BYLINE: WALTER WOODS
Staff

DATE: June 29, 2004
PUBLICATION: Atlanta Journal-Constitution, The (GA)
EDITION: Home; The Atlanta Journal-Constitution
SECTION: Business
PAGE: D3

Bob Voyles, a captain of Southeastern real estate and the man behind King & Spalding’s new landmark Midtown skyscraper, is going it alone.

Voyles, for years the local face of Houston-based developer Hines, wants to reshape the metro area with innovative projects akin to Georgia Tech’s Technology Square or John Williams’ Post Riverside.

“Hines is best in class,” Voyles said, “but I want to focus more specifically on projects that have a greater impact on the community.”

Voyles, 52, will exit Hines on July 31. His new company, named Seven Oaks after trees in his back yard, will seek land deals and small office projects and build urban mixed-use developments, he said.

Voyles has been the driving force of marquee developments from Nashville to Peachtree Street, said Chip Davidson, chief executive of developers the Brookdale Group.

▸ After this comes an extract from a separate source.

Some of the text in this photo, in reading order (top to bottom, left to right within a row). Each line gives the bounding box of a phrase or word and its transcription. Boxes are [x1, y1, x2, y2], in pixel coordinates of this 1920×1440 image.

Davidson recruited Voyles to quit a career at Alston & Bird and join Hines in 1988.

“It’s a good idea for him to go it alone,” Davidson said. “[But] it’s a real loss for Hines, and it will be tough to replace him.”

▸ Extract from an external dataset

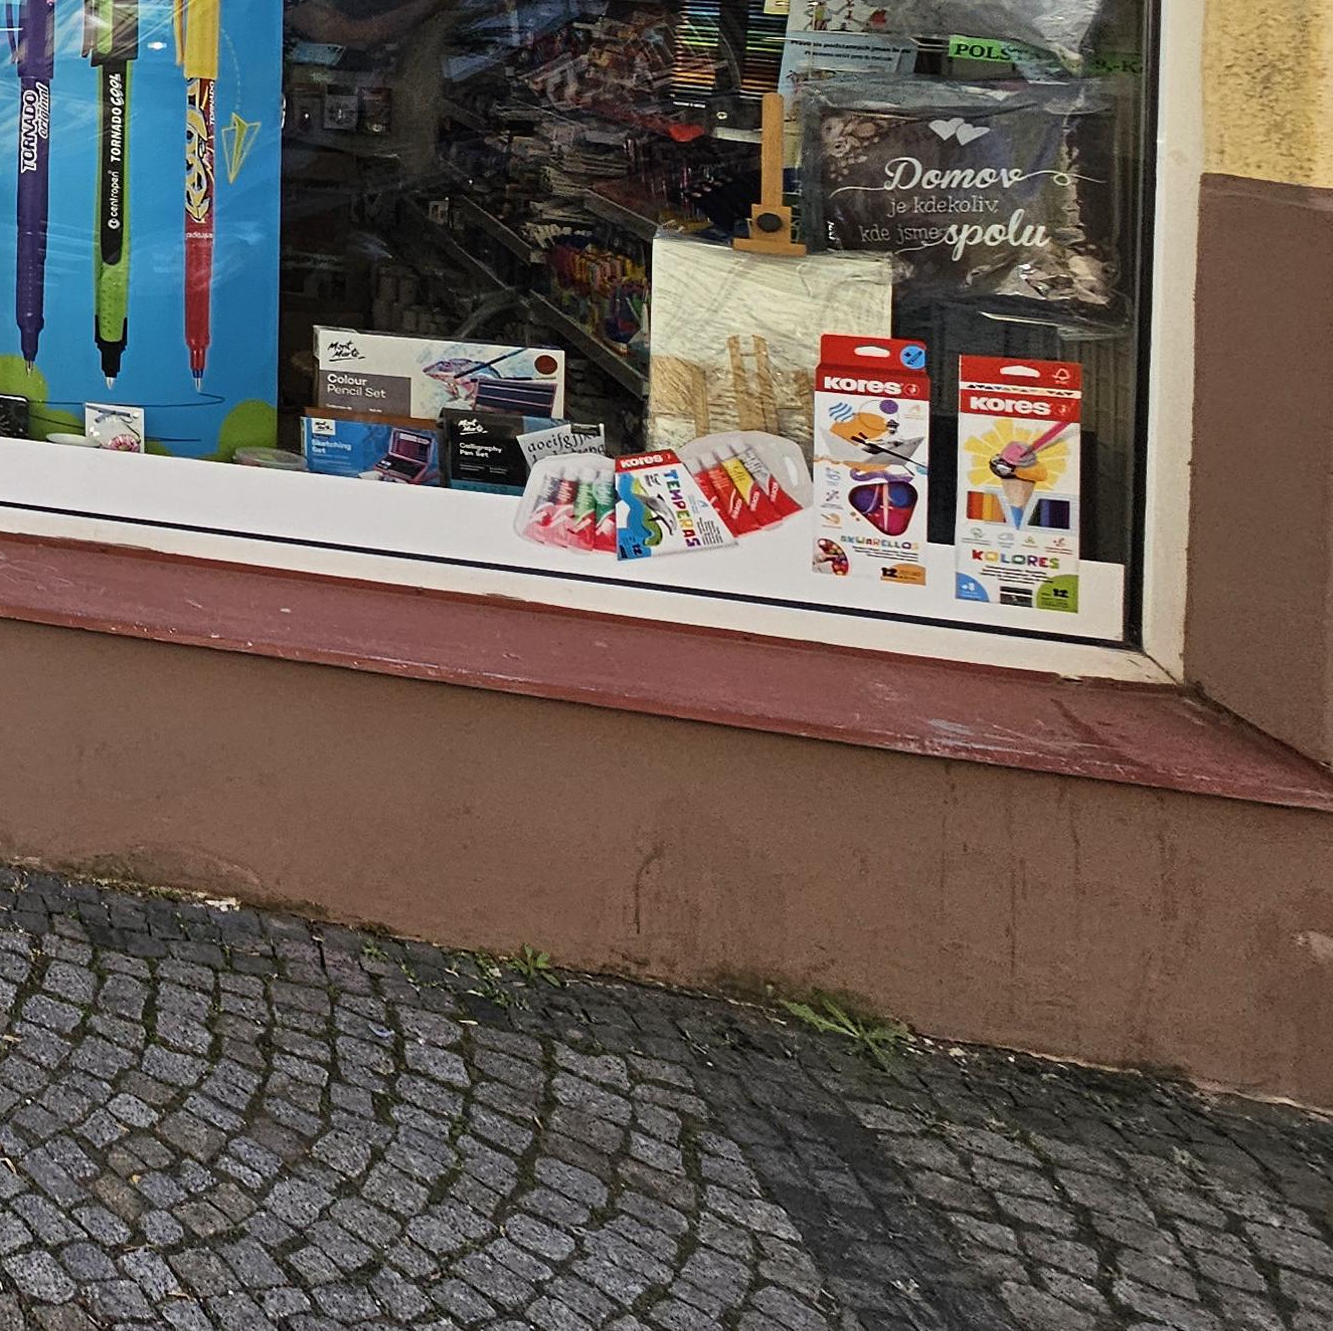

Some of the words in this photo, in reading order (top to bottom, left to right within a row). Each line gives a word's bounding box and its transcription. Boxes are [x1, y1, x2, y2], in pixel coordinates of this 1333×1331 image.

Kurt Hartman, 40, a 15-year veteran in Hines’ Chicago office, will move to Atlanta to take Voyles ‘ role, said John Heagy, a spokesman.

“We are all disappointed to lose Bob Voyles from the Hines team in Atlanta,” Heagy said.

Voyles was a relentless “pit bull” who persuaded King & Spalding to leave downtown for a new 41-story Hines tower at Peachtree and 14th streets, said Scott Arnold, a King & Spalding attorney involved in the deal.

Over his career at Hines, Voyles directed the firm’s 550-acre Deerfield Park project in Alpharetta, the three-tower Perimeter Summit site on I-285, and Hines’ 2001 acquisition of the Atlanta Financial Center in Buckhead.

Voyles insists he’s not retiring but entering a new phase of his professional life.

“I had a great law career. I did my military time. I had experience with the greatest real estate firm in the world,” Voyles said.